Handball: Frauen-Bezirksliga
Daniel Ahmann wird neuer Trainer der Damen der HSG Hohne/Lengerich

Lengerich -

Auf der Homepage der HSG Hohne/Lengerich steht – zumindest bis Freitag– immer noch „Trainer/in gesucht! Wir suchen eine(n) Trainer/in für unsere Damenmannschaft...“. Das hat sich aber erledigt. Der Neue ist jetzt da.

Freitag, 12.07.2019, 19:46 Uhr aktualisiert: 12.07.2019, 19:50 Uhr
Jörg Howe vom HSG-Vorstand (links) freut sich. Daniel Ahmann als künftigen Trainer der Bezirksliga-Handballerinnen zu präsentieren.
Jörg Howe vom HSG-Vorstand (links) freut sich. Daniel Ahmann als künftigen Trainer der Bezirksliga-Handballerinnen zu präsentieren. Foto: Mareike Startmann

Am Donnerstagabend präsentierten die Handballerinnen der HSG endlich einen Nachfolger für Dennis Suhre, der zum Ende der vergangenen Saison angekündigt hatte, den Job nicht weiter zu machen. Sein Nachfolger ist kein ganz Unbekannter. Mit Daniel Ahmann (42) kommt eine ehemaliger Bundesligaspieler nach Lengerich. Zuletzt hatte Ahmann die ISV-Herren in der Bezirksliga trainiert, konnte den Abstieg in die Kreisliga aber nicht verhindern.

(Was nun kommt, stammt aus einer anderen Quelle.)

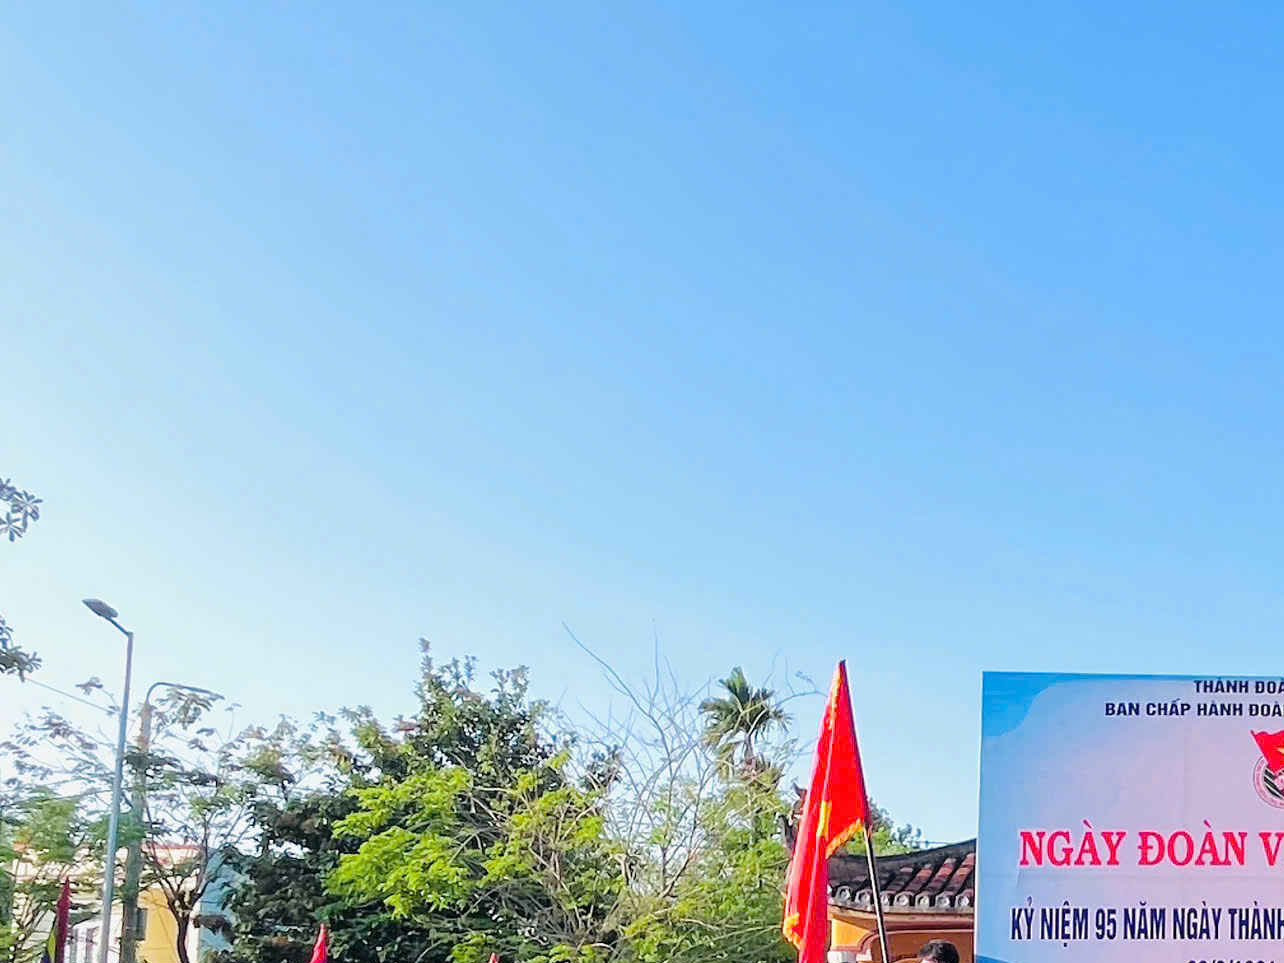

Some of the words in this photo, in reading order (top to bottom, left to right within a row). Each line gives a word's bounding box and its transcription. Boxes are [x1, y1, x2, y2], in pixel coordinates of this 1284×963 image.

[1194, 678, 1249, 694] THÀNH
[1105, 702, 1140, 716] BAN
[1146, 698, 1191, 716] CHẤP
[1197, 700, 1243, 717] HÀNH
[1020, 819, 1126, 866] NGÀY
[1138, 819, 1247, 867] ĐOÀN
[1011, 896, 1035, 940] KỶ
[1040, 901, 1089, 948] NIỆM
[1095, 908, 1117, 940] 95
[1123, 901, 1166, 940] NĂM
[1173, 901, 1222, 940] NGÀY
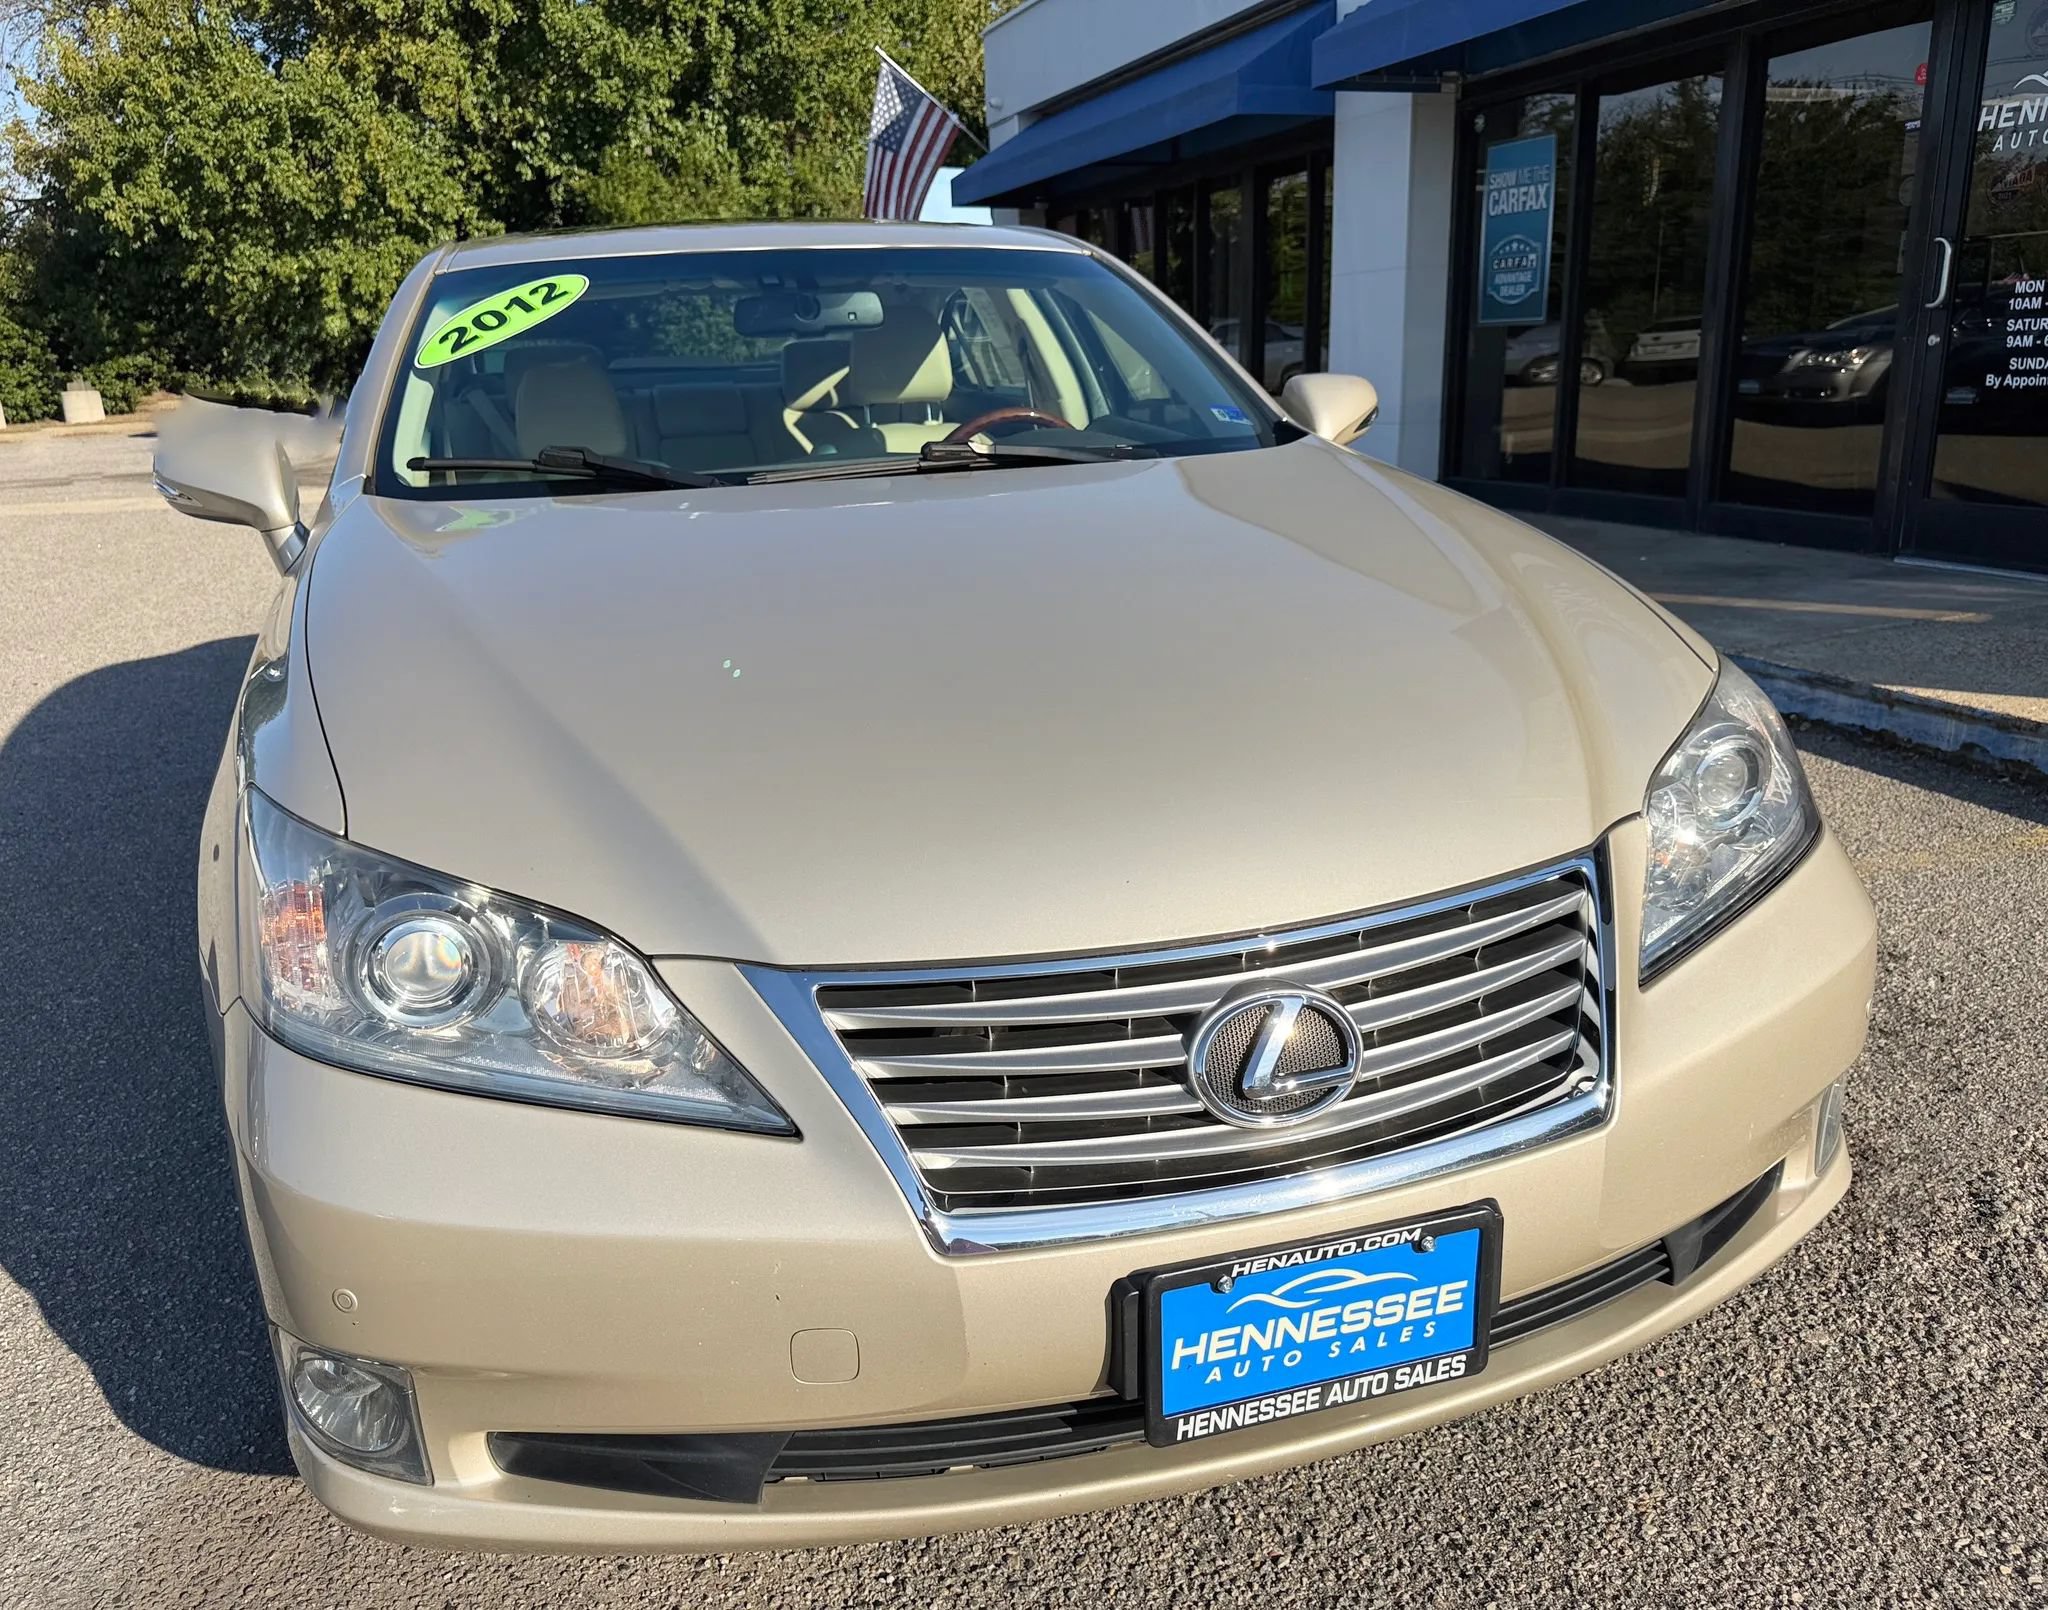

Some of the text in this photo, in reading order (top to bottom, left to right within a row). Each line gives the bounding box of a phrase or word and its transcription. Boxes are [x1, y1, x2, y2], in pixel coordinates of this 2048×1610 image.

[1490, 170, 1518, 190] SHOW
[1489, 183, 1550, 217] CARFAX
[1500, 284, 1525, 297] DEALER
[2014, 279, 2046, 294] MON
[2008, 296, 2042, 311] 10AM
[438, 282, 570, 355] 2012
[2006, 334, 2034, 348] 9AM
[1985, 373, 2048, 390] By Appoin
[1231, 1227, 1422, 1278] HENAUTO.COM
[1171, 1280, 1468, 1371] HENNESSEE
[1204, 1320, 1436, 1384] AUTO SALES
[1175, 1353, 1467, 1442] HENNESSEE AUTO SALES

„Das ist für mich eine neue Herausforderung“, sagte Ahmann am Donnerstag während seiner Vorstellung in der Lengericher Dreifachhalle. „Damenhandball ist für mich Neuland.“ Schon Anfang mai absolvierte Ahmann mit den Spielerinnen der ersten und zweiten Mannschaft ein Probetraining. „Da hatte ich gleich ein gutes Bauchgefühl“, begründete Ahmann daher seine Entscheidung pro Lengerich. Die Mannschaft muss er noch Stück für Stück kennenlernen. Auch die Liga ist für ihn noch unbekanntes Terrain.

Seit gut zwei Wochen trainiert Ahmann, der von Beruf IT-Experte ist, bereits mit der Mannschaft. Kondition und Taktik stehen dabei im Vordergrund. Zweimal in der Woche wird in der Halle trainiert, dazu kommen Laufeinheiten. Ein Saisonziel hat Ahmann noch nicht formuliert. Auf jeden Fall solle die Mannschaft stabiler gemacht werden. Unterstützt wird Ahmann künftig von Betreuerin Annegret Dultmeyer.

Daniel Ahmann erlernte das Handball-ABC beim HC Ibbenbüren. Später landete er in der Bundesliga beim VfL Gummersbach sowie beim Zweitligisten TV Emsdetten. In der Schweiz und in der Regionalliga ließ er seine aktive Karriere ausklingen. Bei der ISV trainierte der zuletzt die A-Jugend. Anfang Februar übernahm er auch den Trainerjob der Bezirksligamänner. Bei Klassenerhalt wäre auch Trainer in Ibbenbüren geblieben- Doch es kam anders, der ehemalige Regionalligist stieg in die Kreisliga ab. Nun will Ahmann die HSG-Damen wieder voranbringen. Sein Vorgänger hat ihm dazu gewiss eine gute Grundlage hinterlassen.